Instructions to follow
Word for word, reproduce all entries below, leaving every picture out.

....

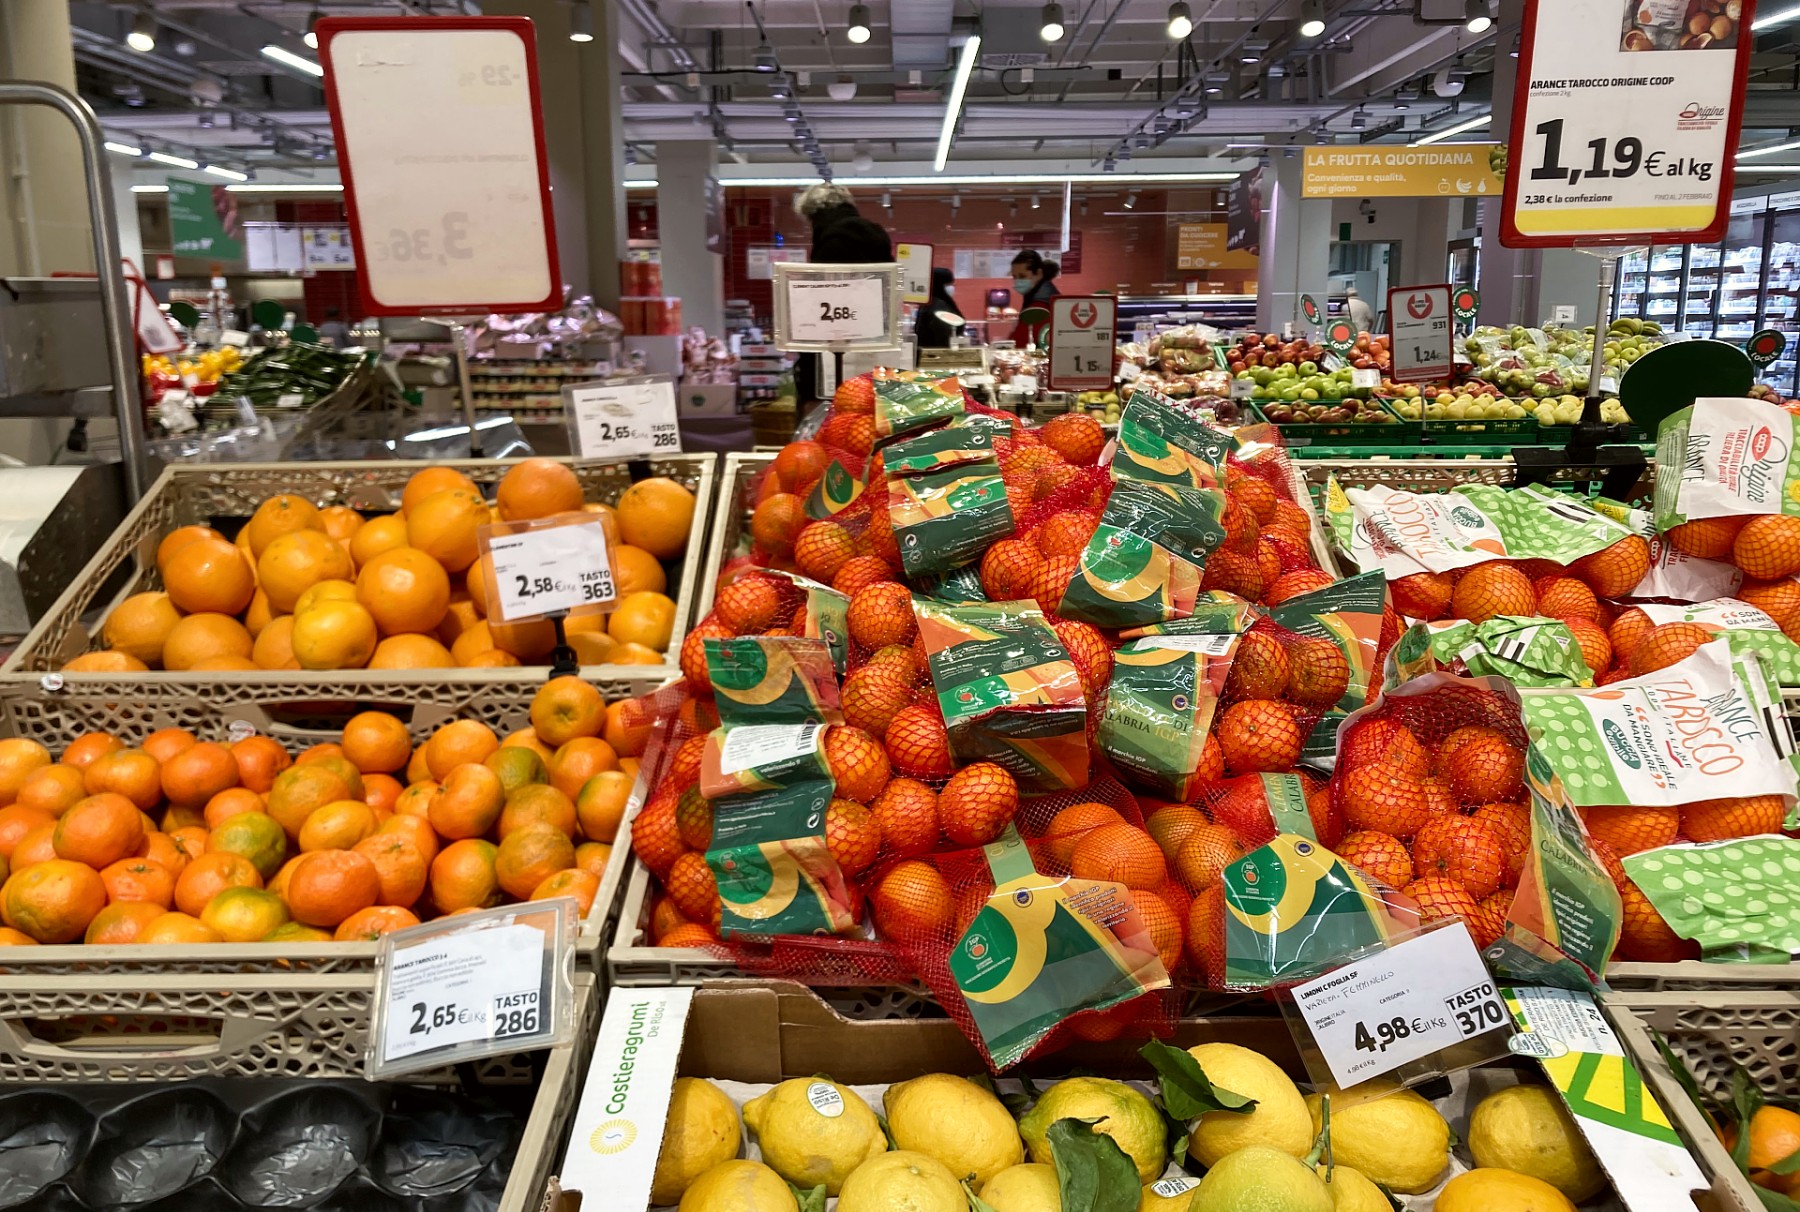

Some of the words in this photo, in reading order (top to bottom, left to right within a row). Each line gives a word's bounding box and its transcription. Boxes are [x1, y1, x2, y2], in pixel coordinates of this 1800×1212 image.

[1531, 79, 1567, 89] ARANCE
[1568, 78, 1609, 88] TAROCCO
[1611, 77, 1648, 87] ORIGINE
[1650, 76, 1675, 86] COOP
[1308, 154, 1325, 166] LA
[1329, 153, 1382, 166] FRUTTA
[1385, 152, 1474, 166] QUOTIDIANA
[1667, 158, 1685, 177] al
[1688, 157, 1713, 181] kg
[1307, 173, 1365, 183] Convenienza
[1366, 174, 1372, 182] e
[1307, 184, 1327, 195] ogni
[1328, 184, 1357, 194] giorno
[1525, 195, 1545, 204] 2,38
[1546, 196, 1553, 204] €
[1554, 194, 1563, 203] la
[1564, 193, 1613, 203] confezione
[1654, 193, 1669, 201] FINO
[1455, 307, 1478, 318] LOCALE
[1432, 320, 1447, 330] 931
[1330, 339, 1355, 351] LOCALE
[1750, 351, 1780, 362] LOCALE
[651, 424, 676, 432] TASTO
[653, 433, 678, 447] 286
[580, 570, 611, 582] TASTO
[583, 581, 613, 600] 363
[1622, 703, 1635, 717] DA
[1173, 718, 1189, 732] DI
[1153, 726, 1180, 742] IGP
[1300, 984, 1324, 1000] LIMONI
[1323, 983, 1328, 991] C
[1327, 975, 1351, 989] FOGLIA
[1349, 970, 1359, 980] SF
[495, 991, 538, 1010] TASTO
[1379, 990, 1406, 1005] CATEGORIA
[1446, 983, 1493, 1011] TASTO
[494, 1007, 537, 1036] 286
[1455, 999, 1504, 1036] 370
[646, 1024, 660, 1038] De
[605, 1000, 651, 1115] Costieragrumi

....

Solution
Some of the words in this photo, in reading order (top to bottom, left to right within a row). Each line gives a word's bounding box and its transcription. Boxes are [x1, y1, x2, y2], in pixel coordinates of this 1800×1212 image.

[1531, 79, 1567, 89] ARANCE
[1568, 78, 1609, 88] TAROCCO
[1611, 77, 1648, 87] ORIGINE
[1650, 76, 1675, 86] COOP
[1308, 154, 1325, 166] LA
[1329, 153, 1382, 166] FRUTTA
[1385, 152, 1474, 166] QUOTIDIANA
[1667, 158, 1685, 177] al
[1688, 157, 1713, 181] kg
[1307, 173, 1365, 183] Convenienza
[1366, 174, 1372, 182] e
[1307, 184, 1327, 195] ogni
[1328, 184, 1357, 194] giorno
[1525, 195, 1545, 204] 2,38
[1546, 196, 1553, 204] €
[1554, 194, 1563, 203] la
[1564, 193, 1613, 203] confezione
[1654, 193, 1669, 201] FINO
[1455, 307, 1478, 318] LOCALE
[1432, 320, 1447, 330] 931
[1330, 339, 1355, 351] LOCALE
[1750, 351, 1780, 362] LOCALE
[651, 424, 676, 432] TASTO
[653, 433, 678, 447] 286
[580, 570, 611, 582] TASTO
[583, 581, 613, 600] 363
[1622, 703, 1635, 717] DA
[1173, 718, 1189, 732] DI
[1153, 726, 1180, 742] IGP
[1300, 984, 1324, 1000] LIMONI
[1323, 983, 1328, 991] C
[1327, 975, 1351, 989] FOGLIA
[1349, 970, 1359, 980] SF
[495, 991, 538, 1010] TASTO
[1379, 990, 1406, 1005] CATEGORIA
[1446, 983, 1493, 1011] TASTO
[494, 1007, 537, 1036] 286
[1455, 999, 1504, 1036] 370
[646, 1024, 660, 1038] De
[605, 1000, 651, 1115] Costieragrumi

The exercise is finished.